I approached the task of updating our Tanzania Guide full of optimism. This is the sort of thing that I have read in recent months:
Sound economic policies (place) Tanzania among the leading successful reformers in Africa (IMF Managing Director, Dominique Strauss-Kahn)
Secretary-General Ban Ki-moon called the country a model for overcoming some of Africa’s thorniest challenges (UN press conference last month)
Tanzania has experienced sustained economic growth since 2000 at an average annual rate of 6 percent (World Bank Country Director)
President Kikwete is now a strong supporter of maternal health issues (UK Director of White Ribbon Alliance)
Tanzania receives buckets of aid, most of its debts have been written off, the rulebook of economic moderation is respected and politics is stable. Surely this is a country that can turn the tide of poverty in Africa.
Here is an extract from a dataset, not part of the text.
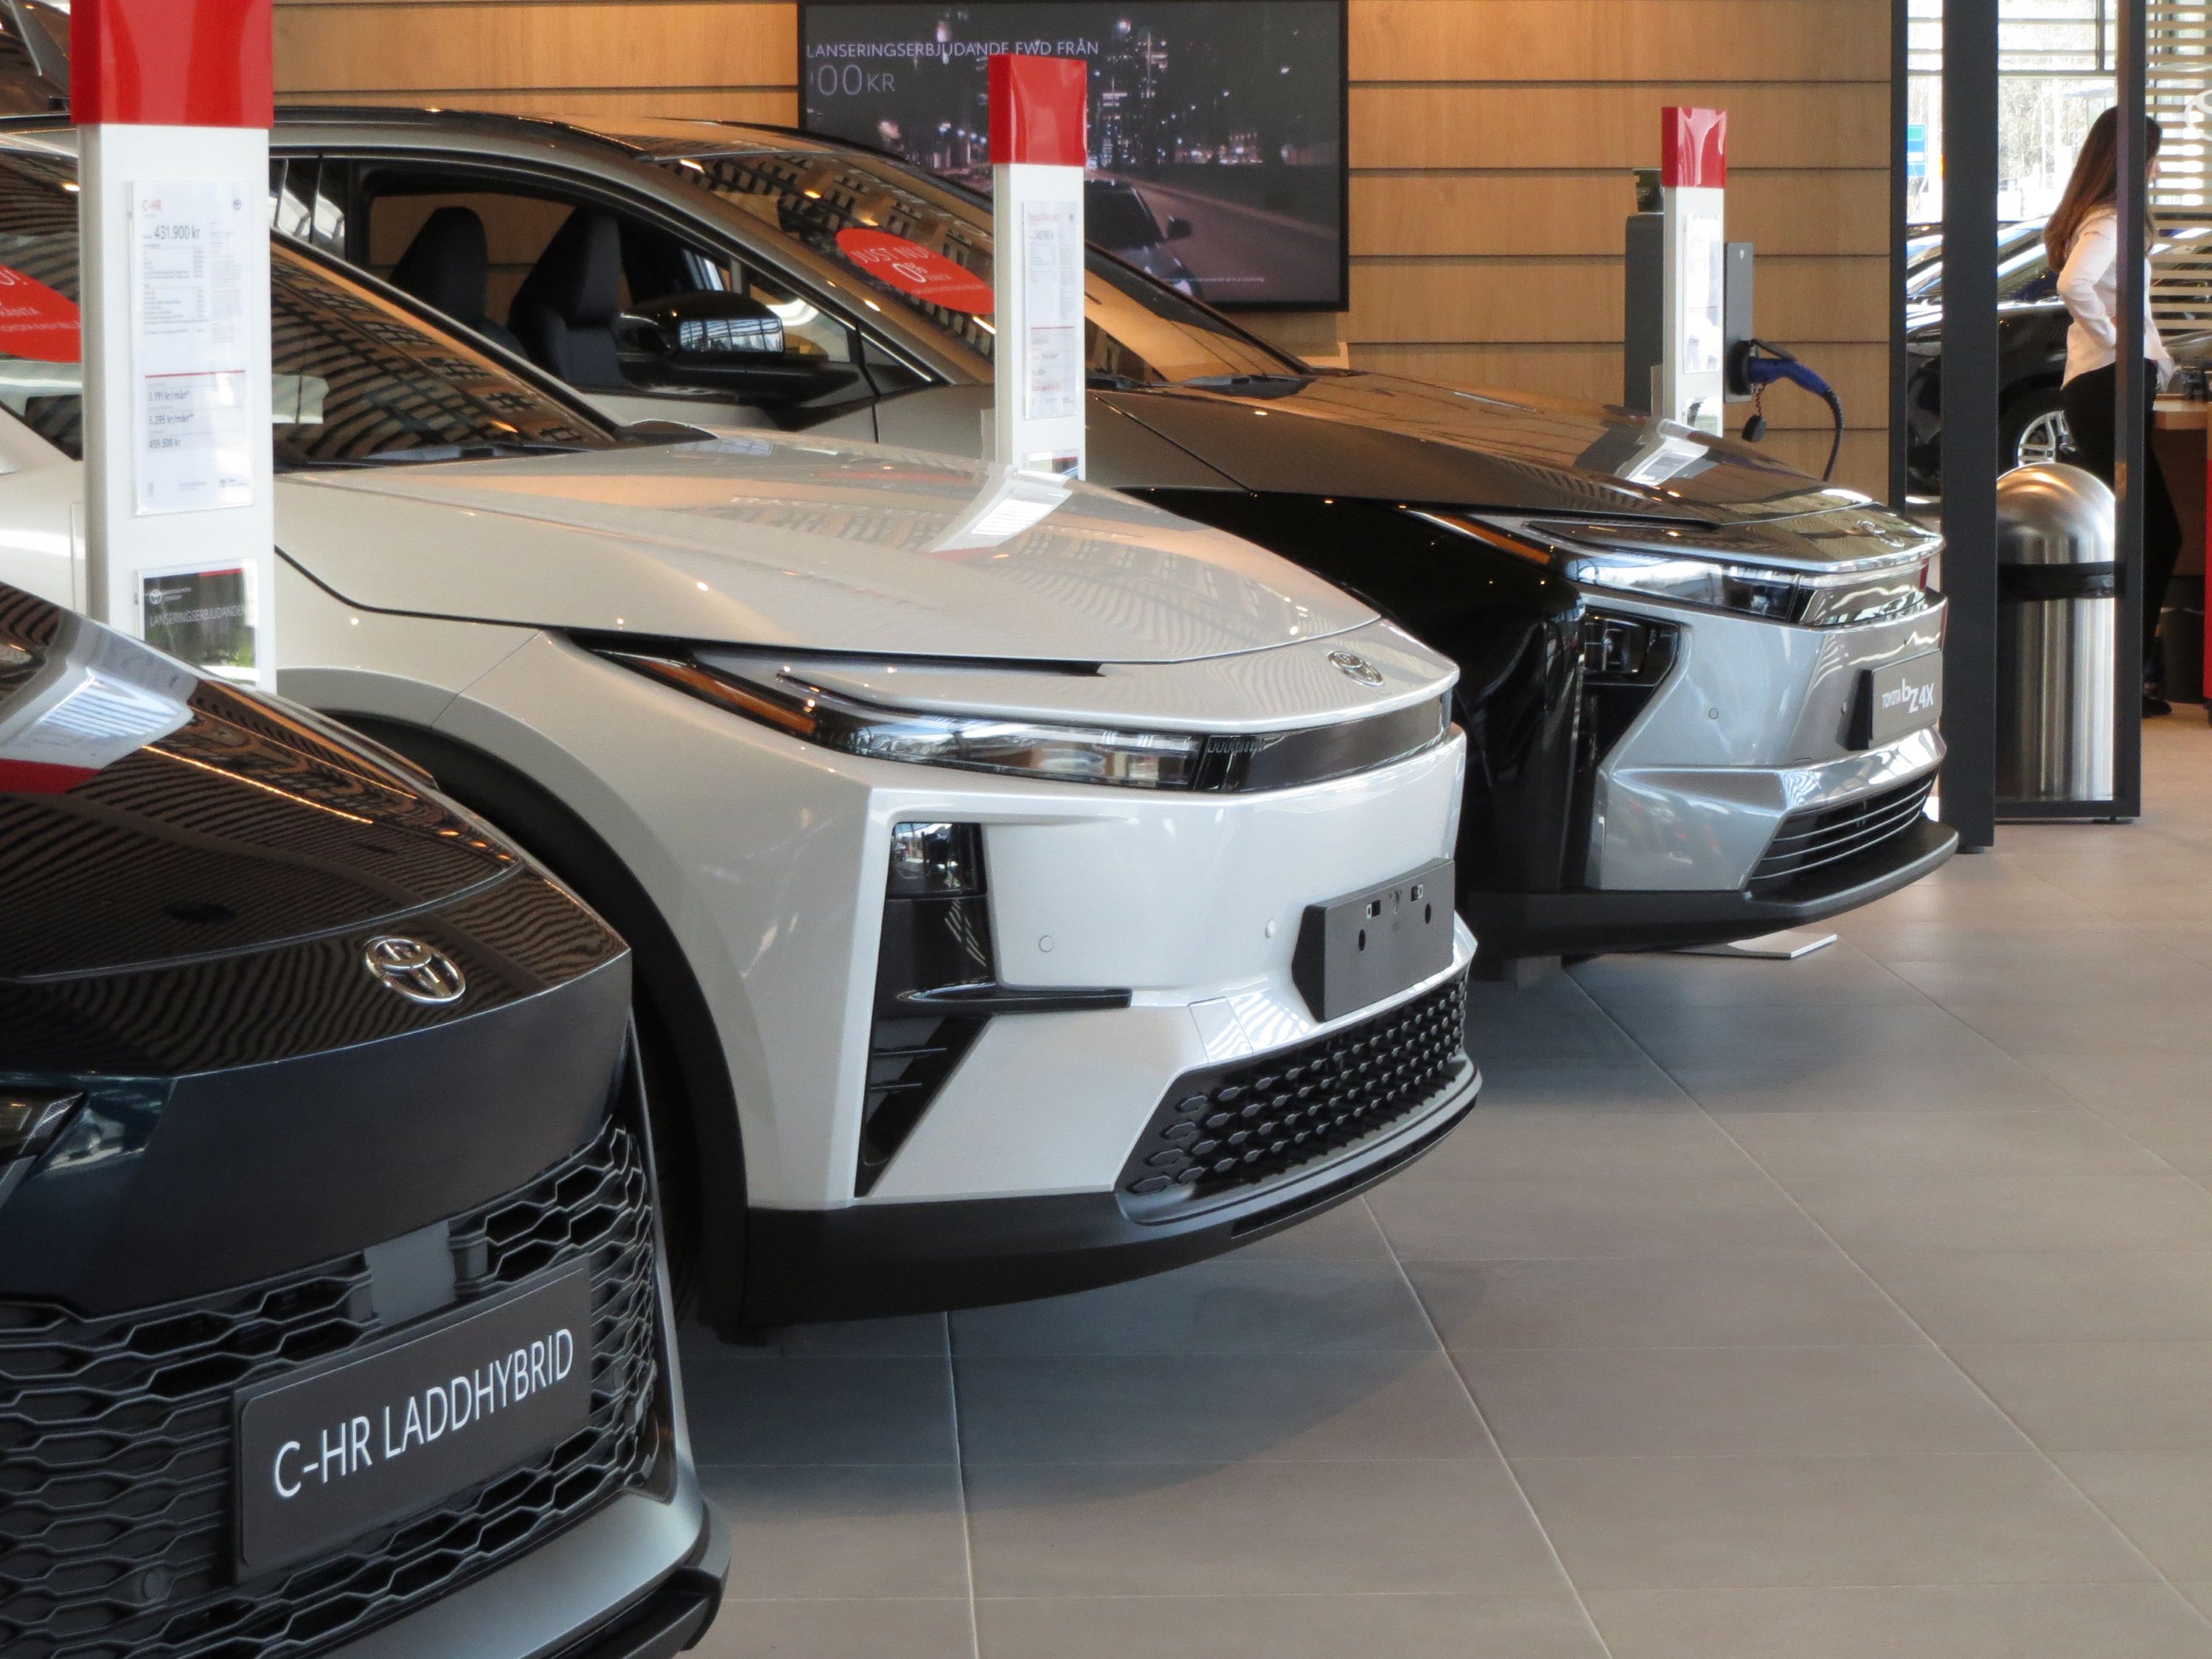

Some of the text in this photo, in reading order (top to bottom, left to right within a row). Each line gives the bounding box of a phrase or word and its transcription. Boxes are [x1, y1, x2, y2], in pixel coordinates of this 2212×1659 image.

[807, 38, 1099, 58] LANSERINGSERBJUDANDE FWD FRÅN
[810, 63, 895, 96] 00 KR
[154, 224, 201, 240] 431.900 kr
[274, 1328, 574, 1498] C-HR LADDHYBRID
Aid agencies are swarming all over the place. One advantage is that data collection is relatively accurate and progress reports get written. Two major reports were published during 2008, the Tanzania Poverty and Human Development Report and the Tanzania Household Budget Survey. The quotes begin to sound rather different:
there are now 12.9 million Tanzanians below the basic needs poverty line compared with 11.4 million in 2000/01
a majority of Tanzanians ….believed that civil servants rather than the public were the main beneficiaries of development aid
rural coverage (of the electricity grid) was only 2.5 per cent in 2007
There has been a decline in the use of improved sources (of drinking water) in all areas
(there is) no indication of any improvement in maternal mortality (which is nearly 50 times higher than in the UK and, by the way, President Kikwete has 8 children)
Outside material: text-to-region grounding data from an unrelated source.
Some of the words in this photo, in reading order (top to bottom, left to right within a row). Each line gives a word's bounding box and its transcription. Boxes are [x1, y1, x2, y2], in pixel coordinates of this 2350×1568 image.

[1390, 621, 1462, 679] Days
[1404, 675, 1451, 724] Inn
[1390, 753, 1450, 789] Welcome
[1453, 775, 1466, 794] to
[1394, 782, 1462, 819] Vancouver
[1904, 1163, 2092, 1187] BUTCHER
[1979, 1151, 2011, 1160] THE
Of course there have been significant improvements in some areas, notably primary school enrolment, treatment for people living with AIDS and the use of phones. But this is not a picture of a country about to crack the Millennium Development Goals.
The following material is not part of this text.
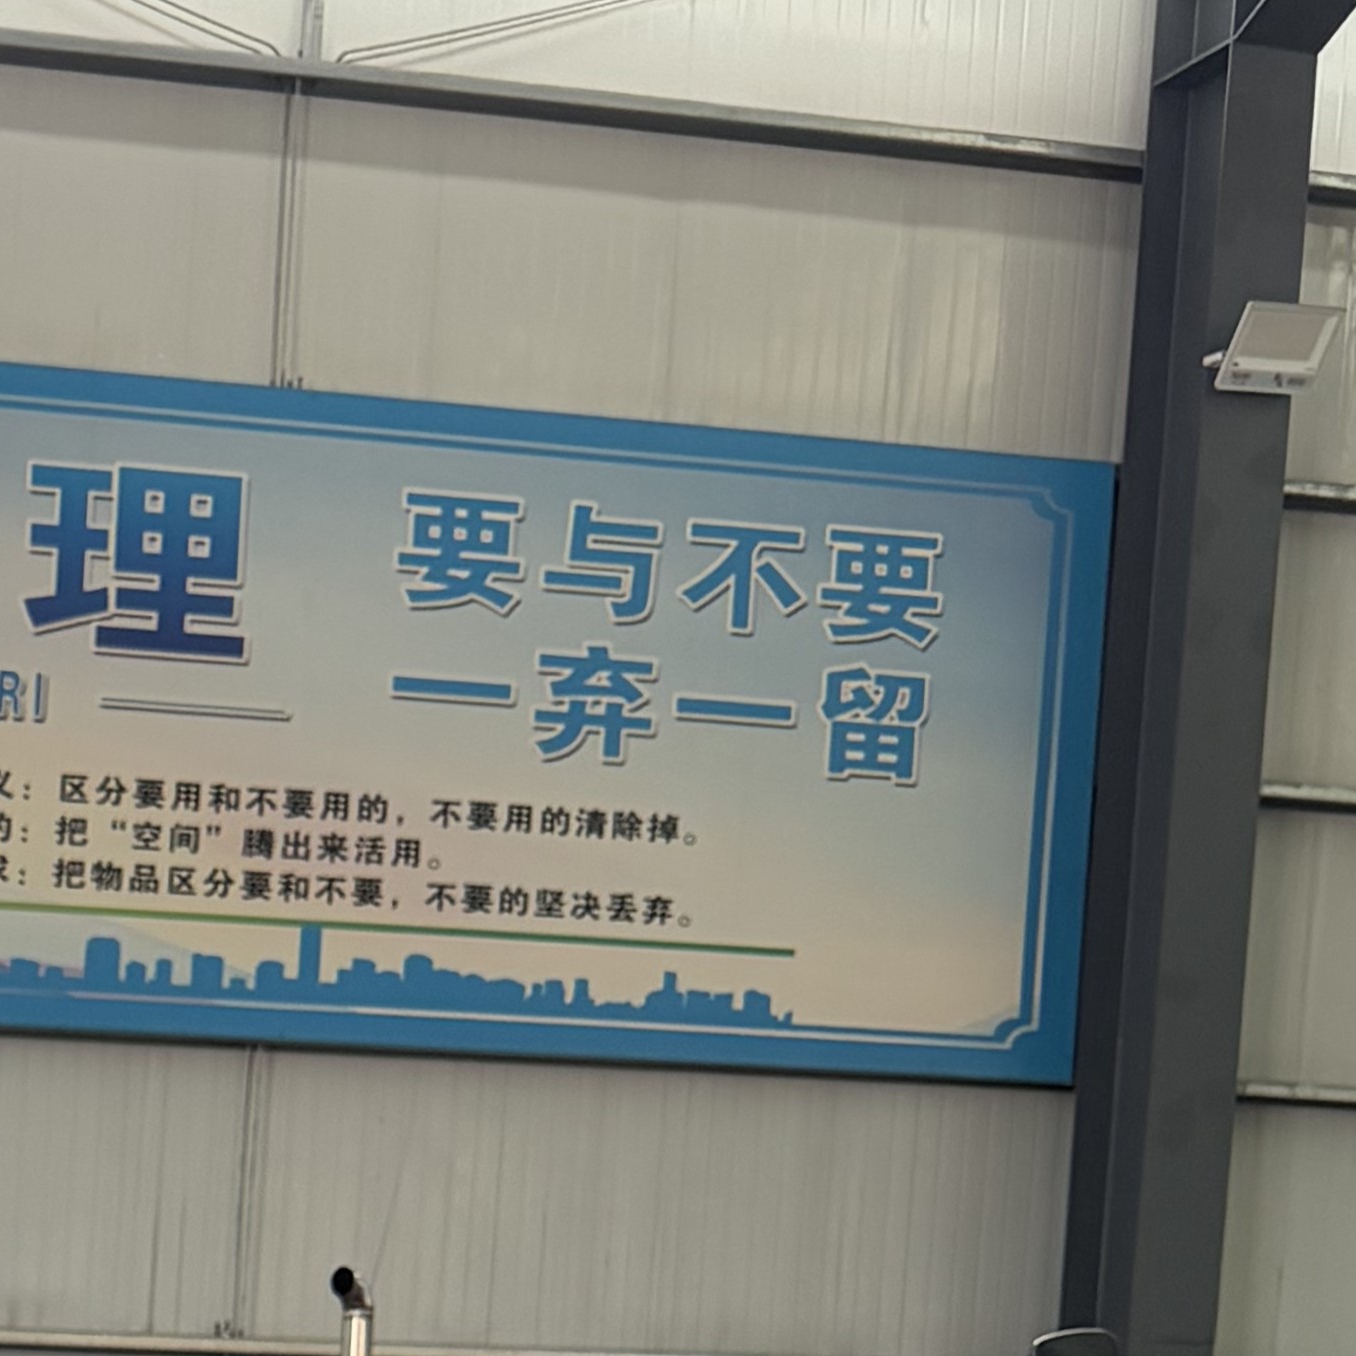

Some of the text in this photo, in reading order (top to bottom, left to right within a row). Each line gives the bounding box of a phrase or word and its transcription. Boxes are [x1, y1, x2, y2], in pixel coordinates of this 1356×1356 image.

[395, 487, 944, 649] 要与不要
[389, 641, 931, 787] 一弃一留
There’s a lot that needs to be said here about the presumption that conventional economic growth delivers poverty reduction. But maybe it’s wiser to let these quotes speak for themselves, except to mention that….
….the data in these surveys was collected before the 2008 surge in food and fuel prices which hit the poorest households hardest.
And we still have little idea how the 2009 rotten bank crisis is going to affect the poorest countries….
….let alone the impact of climate change.